West v. Bailey

Decision Date30 May 1906
Citation94 S.W. 273,196 Mo. 517
PartiesWEST, Administrator, Appellant, v. BAILEY, Administrator, et al
CourtMissouri Supreme Court

Appeal from Linn Circuit Court. -- Hon. Jno. P. Butler, Judge.

Reversed and remanded (with directions).

H. J West and T. M. Bresnehen for appellant.

(1) The court erred in its construction of the eighth clause of the will. This bequest creates a trust fund to be invested in a homestead for Mrs. Graves, with title in her for life and remainder to her children and their descendants; and the judgment of the trial court directing the plaintiff to pay this trust fund to her is contrary to the plain terms of the will.
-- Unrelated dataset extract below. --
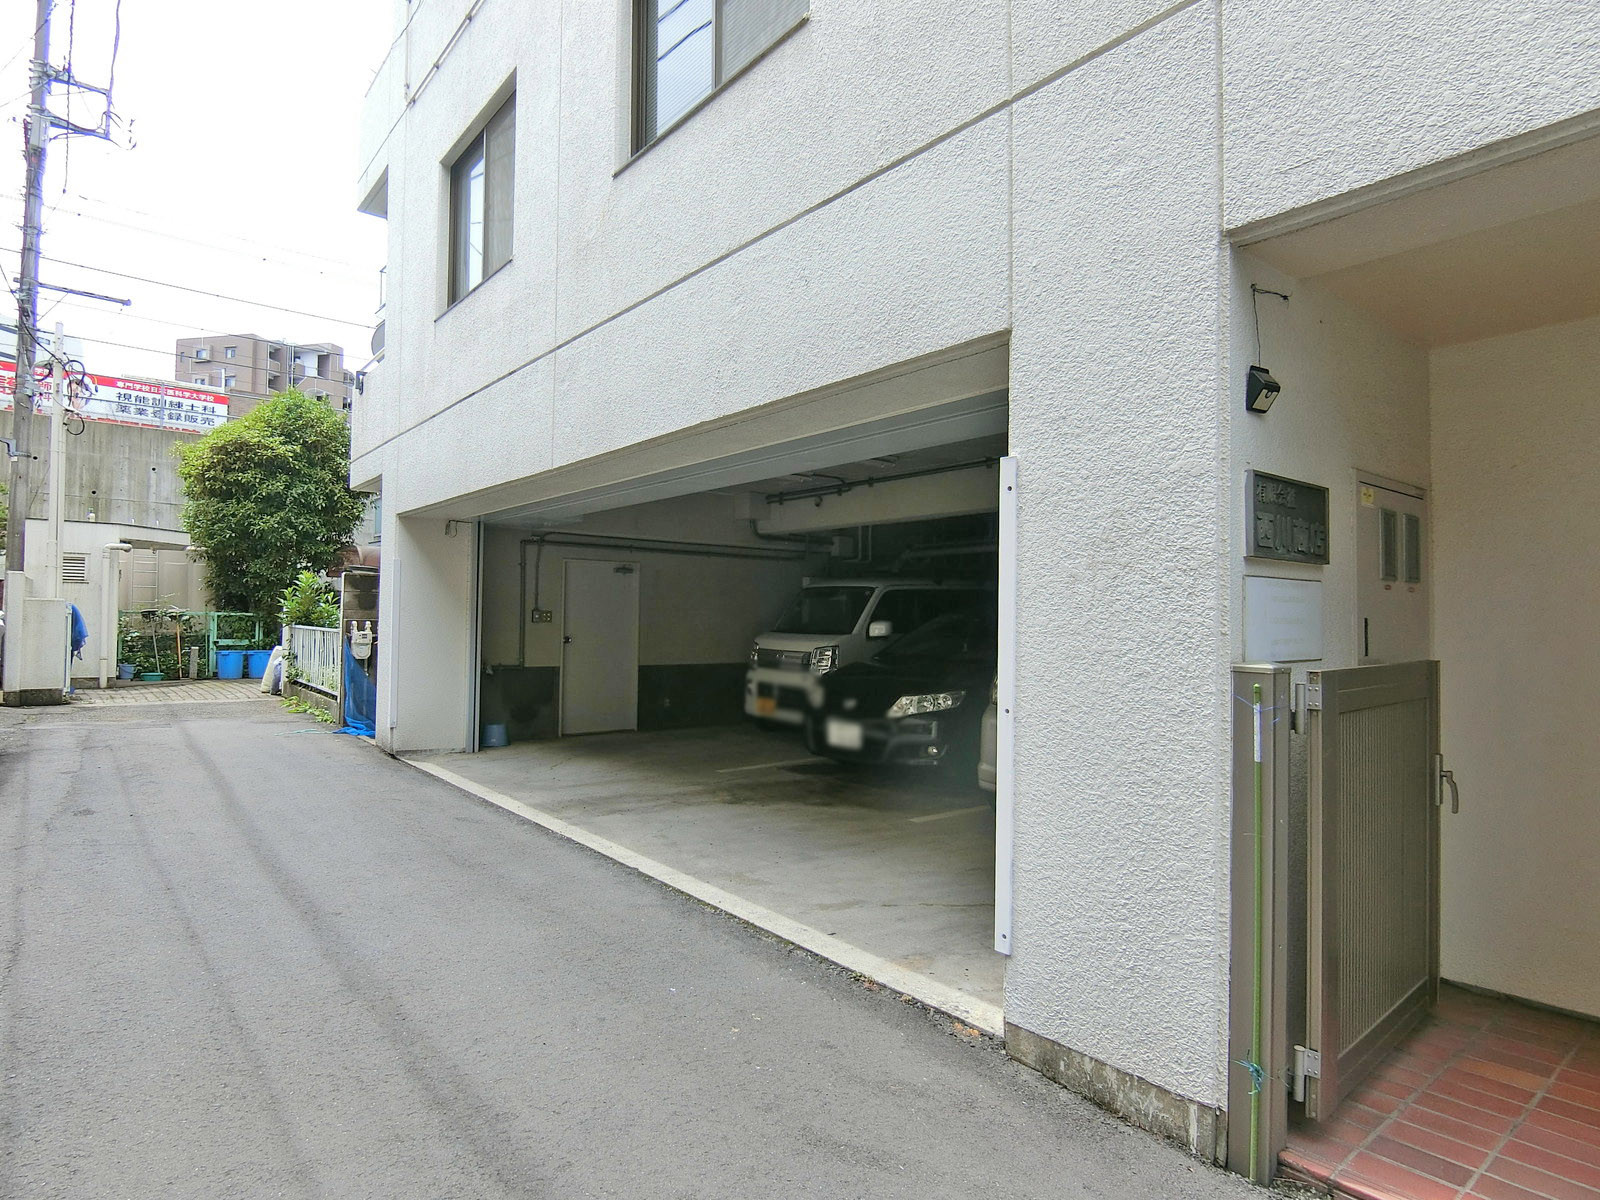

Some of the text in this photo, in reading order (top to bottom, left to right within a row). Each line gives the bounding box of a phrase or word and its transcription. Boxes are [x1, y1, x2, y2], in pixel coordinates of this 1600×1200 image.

[116, 391, 217, 414] 視能訓練士科
The court does not direct that any part of this legacy be paid to her at this time, but reserves to itself the right hereafter to direct the payment of the whole or any part of it to her, thus not only defeating the intention of the testator that the legacy should be invested in a homestead but depriving the children of any interest in the legacy. To so divert this fund not only violates the plain terms of the will as to how the legacy should be invested and preserved for Mrs. Graves, but actually takes from her children and gives to her the bounty that was intended and provided by the testator for them. In order to do this the court must disregard the will of the testator and substitute in its place one made by the court. The court cannot make a will for the testator; its only power is to construe and carry into effect, as nearly as possible, the will made by him. Drake v. Crane, 127 Mo. 85; Garth v. Garth, 139 Mo. 456; Women's Christian Association v. Kansas City, 147 Mo. 103; Clotilde v. Leitz, 157 Mo 439; RoBards v. Brown, 167 Mo. 447. (2) The court erred in undertaking to reserve to itself the right to make other and further orders, judgments and decrees in the cause with reference to the payment of the Graves legacy and the legacy to the children of Thomas E. Newkirk. The judgment ought to be final, disposing of all the matters in controversy, with nothing left for the future determination of the court. There can be but one final judgment in a cause, and that must dispose of all the matters in issue. Deickhart v. Rutgers, 45 Mo. 132; Caulfield v. Farish, 24 Mo.App. 110; Russell v. Railroad, 154 Mo. 428; Seay v. Sanders, 88 Mo.App. 478.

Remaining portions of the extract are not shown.